Then needed packages are imported. roxygen2 will convert them into lines in your NAMESPACE file.

With params and return you should shortly describe their types and what they should contain.

For the following use of the references tag, you also need to import the Rdpack package and include a “REFERENCES.bib” in the inst folder with the regarding BibTeX entries. In my opinion you should always use this, when implementing some method from some source… Be it a book or a paper. Rdpack imports those references automatically from your BibTeX file into the documentation files.

Last, but not least I included a runnable example. This is important to give your user a starting point on how to use your function, but furthermore it is a test for the function. Each time your package is built, example code is run. So you will be notified, if there are any errors.
But we will go more into automated testing another time. Because there is of course more you can do. But you should always write example code, if your function is visible to the user.

After writing this documentation in your file, you have to compile it by writing:

roxygen2::roxygenise()
BCA(graph, v, retentionCoefficient = 0.4, tol = 0.001)
Arguments

graph	
an object of type igraph.
v	
a starting vertex from the above graph.

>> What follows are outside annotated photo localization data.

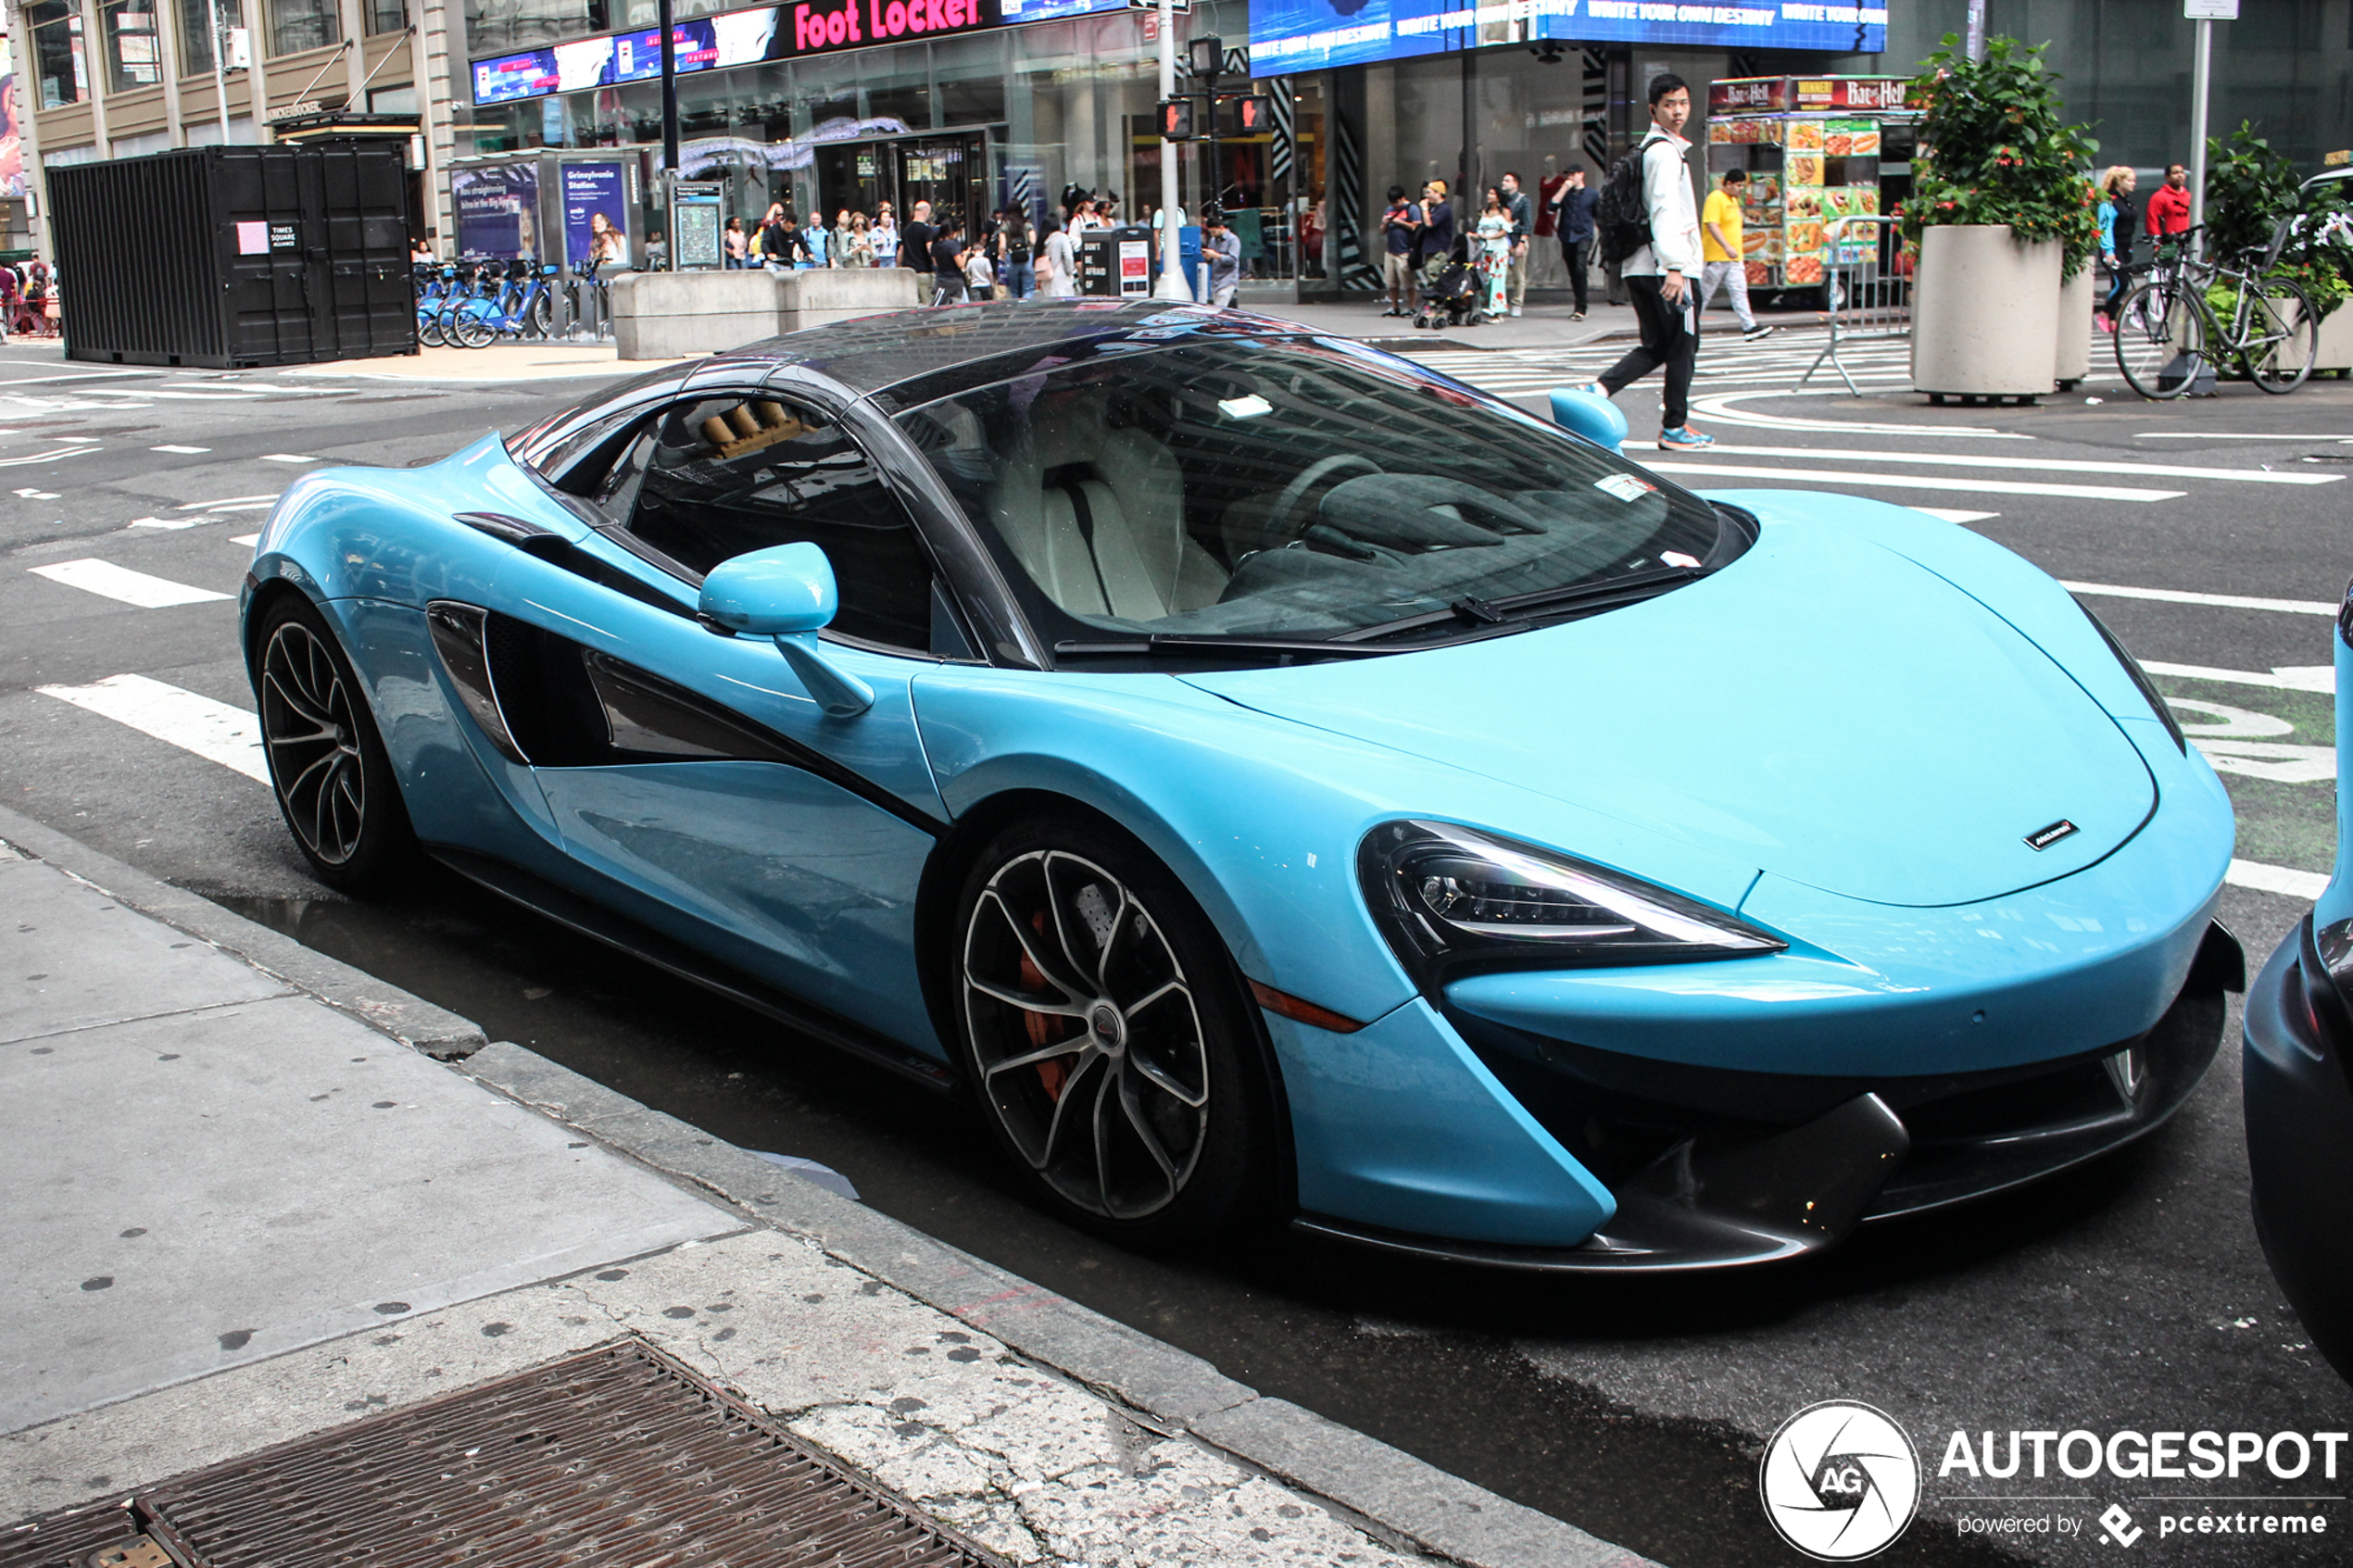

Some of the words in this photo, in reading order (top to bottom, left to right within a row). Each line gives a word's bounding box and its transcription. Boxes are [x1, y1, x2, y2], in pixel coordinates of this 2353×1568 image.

[1396, 15, 1439, 37] WRITE
[1439, 9, 1474, 30] YOUR
[1475, 4, 1509, 25] OWN
[1509, 0, 1578, 21] DESTINY
[1587, 1, 1637, 19] WRITE
[1638, 3, 1677, 21] YOUR
[1677, 5, 1713, 24] OWN
[1714, 7, 1776, 26] DESTINY
[1781, 3, 1824, 21] WRITE
[1825, 6, 1858, 23] YOUR
[1859, 7, 1889, 25] OWN
[794, 0, 862, 50] Foot
[870, 0, 977, 39] Locker
[1280, 35, 1308, 56] YOUR
[1308, 31, 1336, 50] OWN
[1336, 21, 1391, 45] DESTINY
[1880, 81, 1906, 108] Hell
[567, 170, 614, 181] Grinsylvania
[568, 181, 598, 190] Station.
[271, 233, 296, 242] SQUARE
[1084, 243, 1101, 251] DON'T
[1085, 255, 1093, 264] BE
[1085, 267, 1106, 276] AFRAID
[1085, 280, 1093, 289] OF
[2035, 825, 2071, 846] McLaren
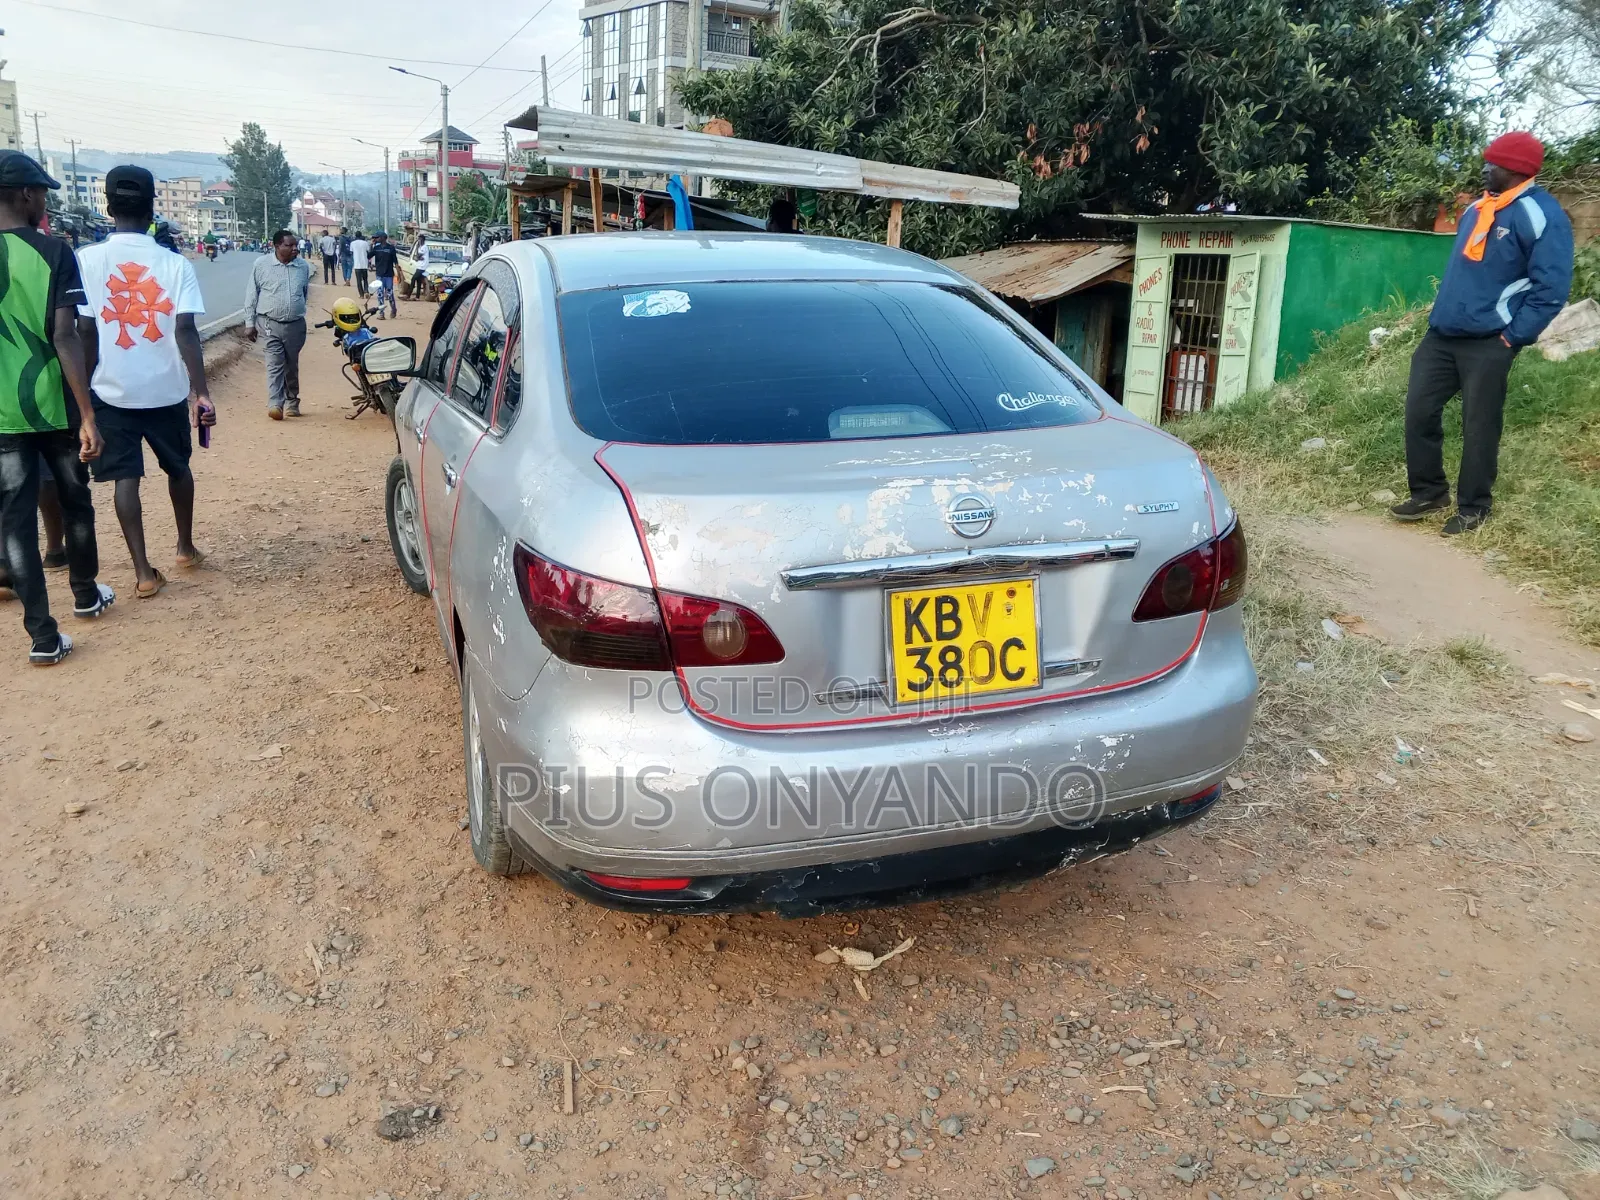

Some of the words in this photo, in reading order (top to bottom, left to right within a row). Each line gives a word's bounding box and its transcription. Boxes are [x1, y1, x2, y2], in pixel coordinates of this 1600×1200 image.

[1160, 230, 1192, 249] PHONE
[1198, 230, 1235, 249] REPAIR
[1136, 317, 1154, 331] RADIO
[997, 391, 1079, 411] Challenger
[951, 509, 995, 522] NISSAN
[1143, 502, 1175, 513] SYLPHY
[903, 591, 994, 645] KBV
[905, 637, 1027, 692] 380C
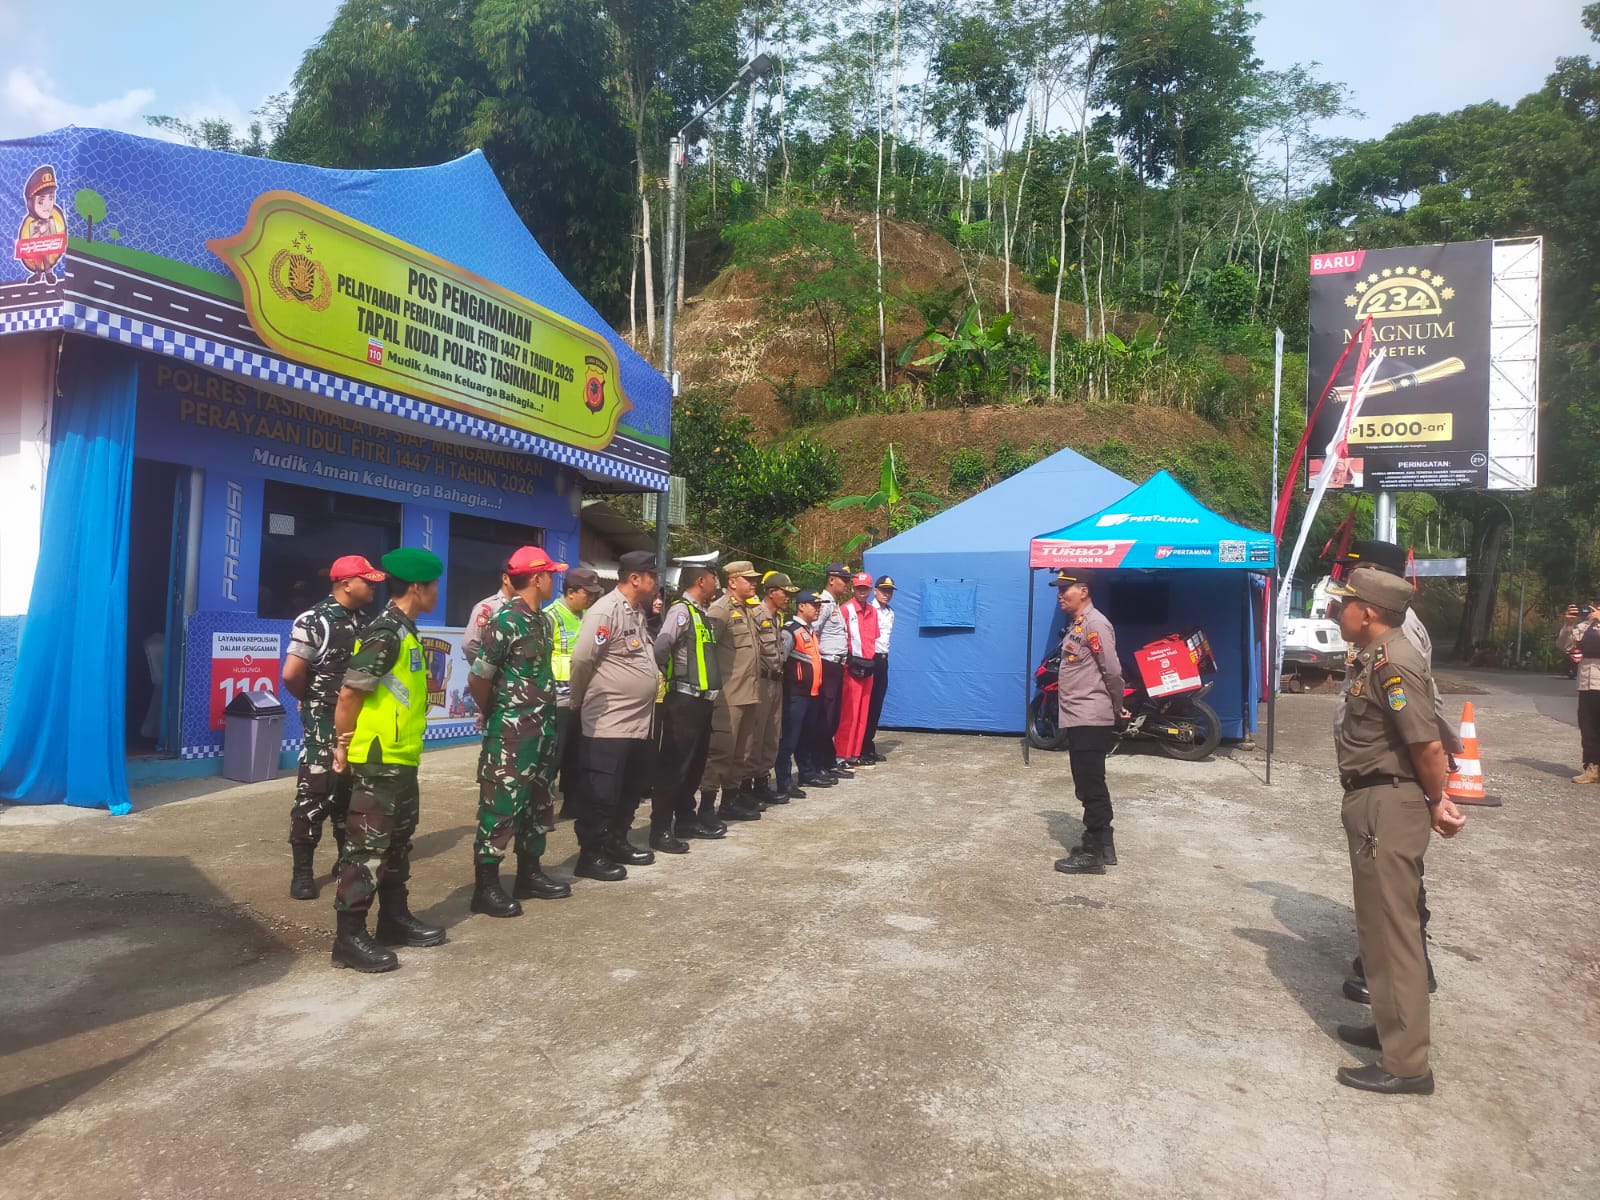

Can be either its identifier or a igraph.vs object.
retentionCoefficient	
the restart probability for each node.
tol	
a tolerance treshold, indicating what the smalltest value of color is, that should propagate further
Value

a preference/teleportation vector

References

Berkhin P (2006). “Bookmark-Coloring Algorithm for Personalized PageRank Computing.” Internet Mathematics, 3(1), 41–62. ISSN 1542-7951, doi: 10.1080/15427951.2006.10129116, http://www.internetmathematicsjournal.com/article/1412.
An excerpt from the generated documentation as it appears in RStudio

I hope that this short example will help you writing and documenting your own functions! 🙂

Availability Of The Code

You can access a maintained version of the code in my GitHub repository Raspository under R/BCA.R.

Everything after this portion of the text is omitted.